--- TASK DETAILS ---
Drop the pictures and repeat the remaining data exactly.

(MATERIAL SUPPLIED Opens)

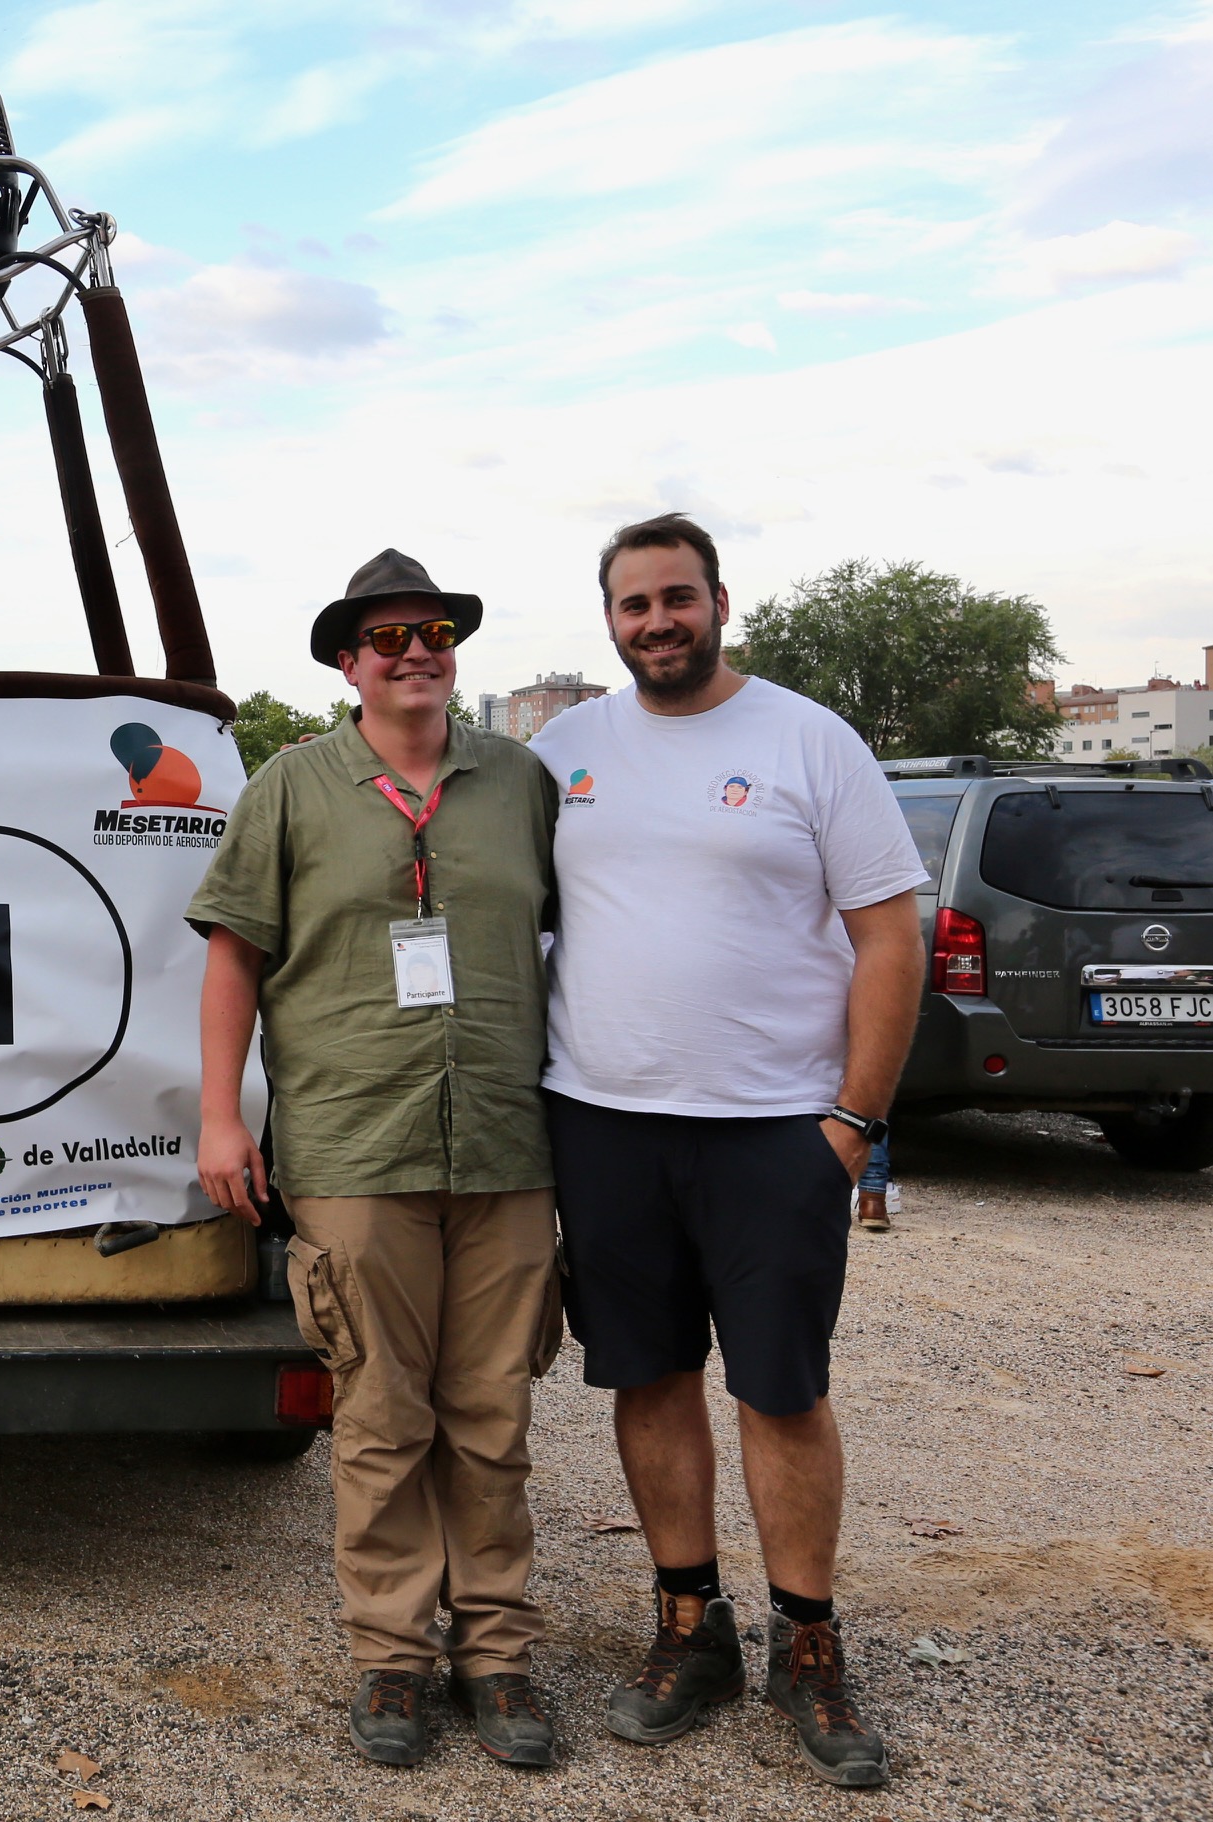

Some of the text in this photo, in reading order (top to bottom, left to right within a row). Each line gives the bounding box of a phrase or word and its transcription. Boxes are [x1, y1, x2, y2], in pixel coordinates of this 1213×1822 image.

[895, 759, 948, 769] PATHFINDER
[93, 809, 227, 837] MESETARIO
[93, 833, 221, 849] CLUB DEPORTIVO DE AEROSTACI
[994, 970, 1061, 979] PATHFINDER
[406, 989, 446, 999] Participante
[1105, 996, 1162, 1018] 3058
[1170, 997, 1212, 1018] FJC
[23, 1144, 54, 1167] de
[62, 1135, 182, 1164] Valladolid
[37, 1182, 113, 1199] Municipal
[10, 1197, 88, 1216] Deportes
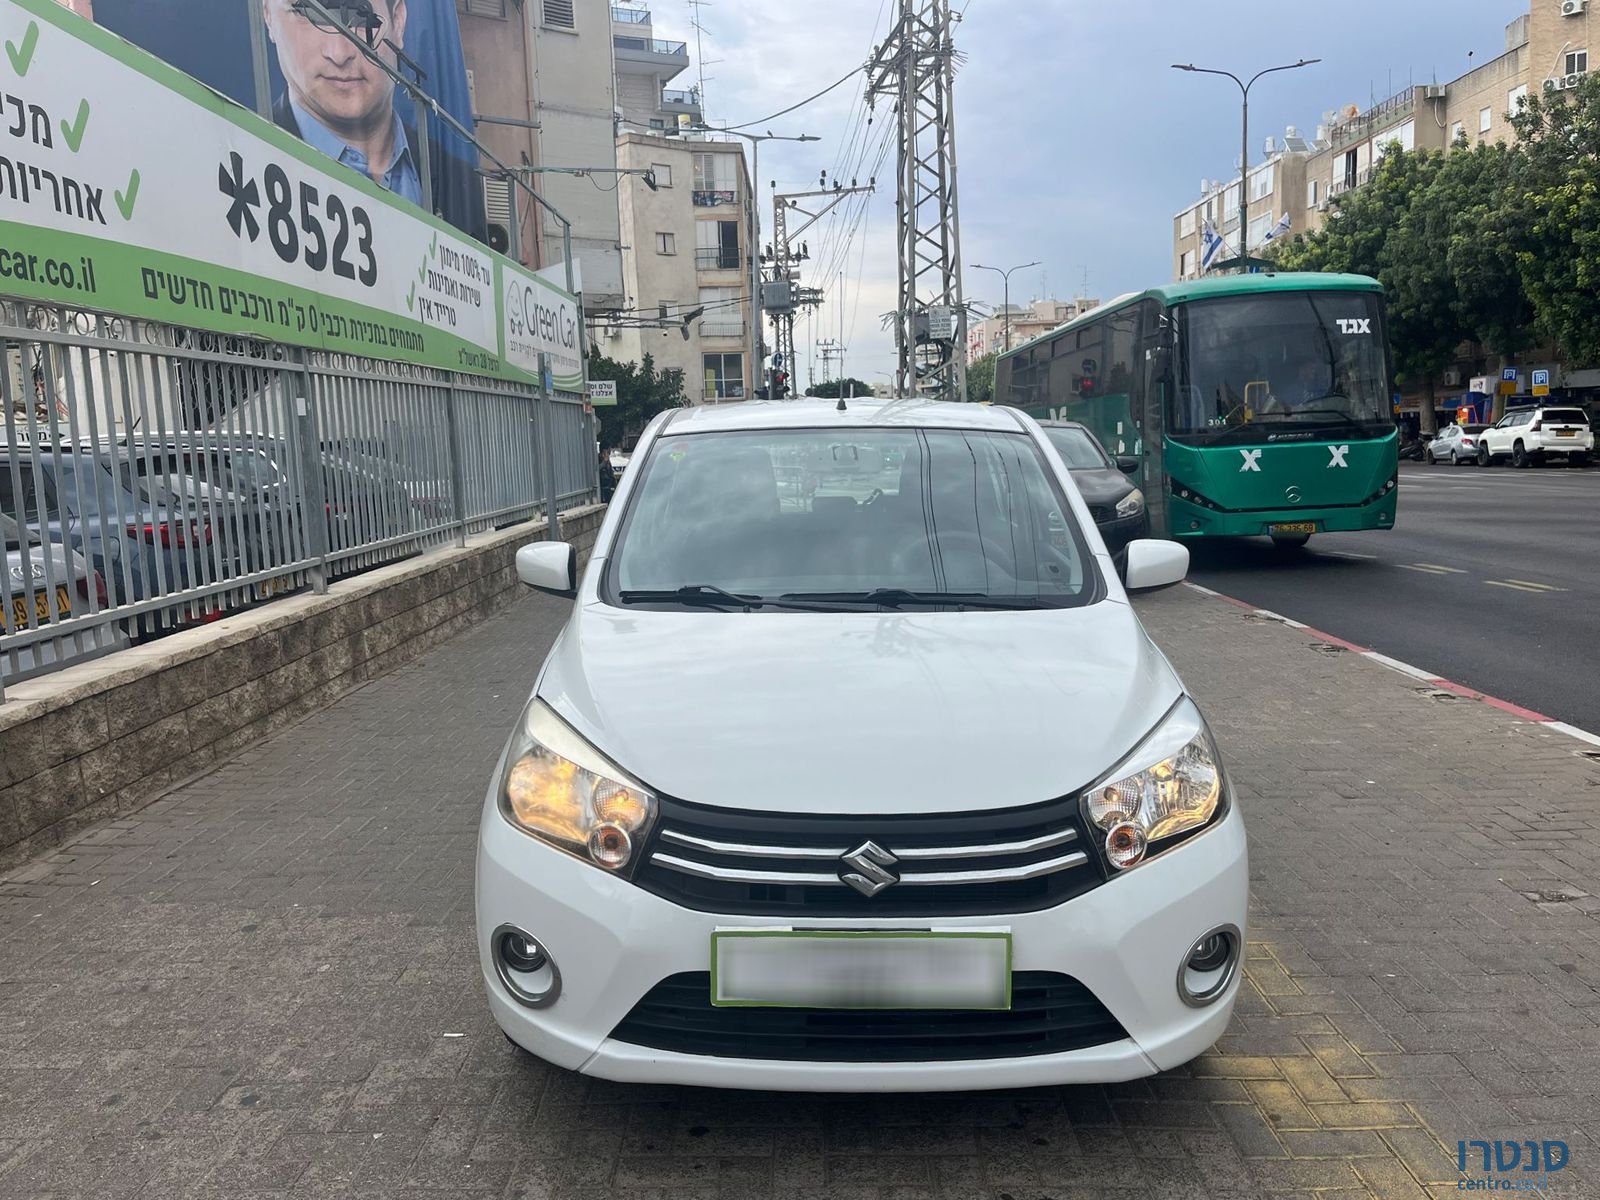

(MATERIAL SUPPLIED Closes)

--- RESPONSE AREA ---
Some of the text in this photo, in reading order (top to bottom, left to right within a row). Each line gives the bounding box of a phrase or word and its transcription. Boxes are [x1, y1, x2, y2], in pixel coordinates of this 1213×1822 image.

[895, 759, 948, 769] PATHFINDER
[93, 809, 227, 837] MESETARIO
[93, 833, 221, 849] CLUB DEPORTIVO DE AEROSTACI
[994, 970, 1061, 979] PATHFINDER
[406, 989, 446, 999] Participante
[1105, 996, 1162, 1018] 3058
[1170, 997, 1212, 1018] FJC
[23, 1144, 54, 1167] de
[62, 1135, 182, 1164] Valladolid
[37, 1182, 113, 1199] Municipal
[10, 1197, 88, 1216] Deportes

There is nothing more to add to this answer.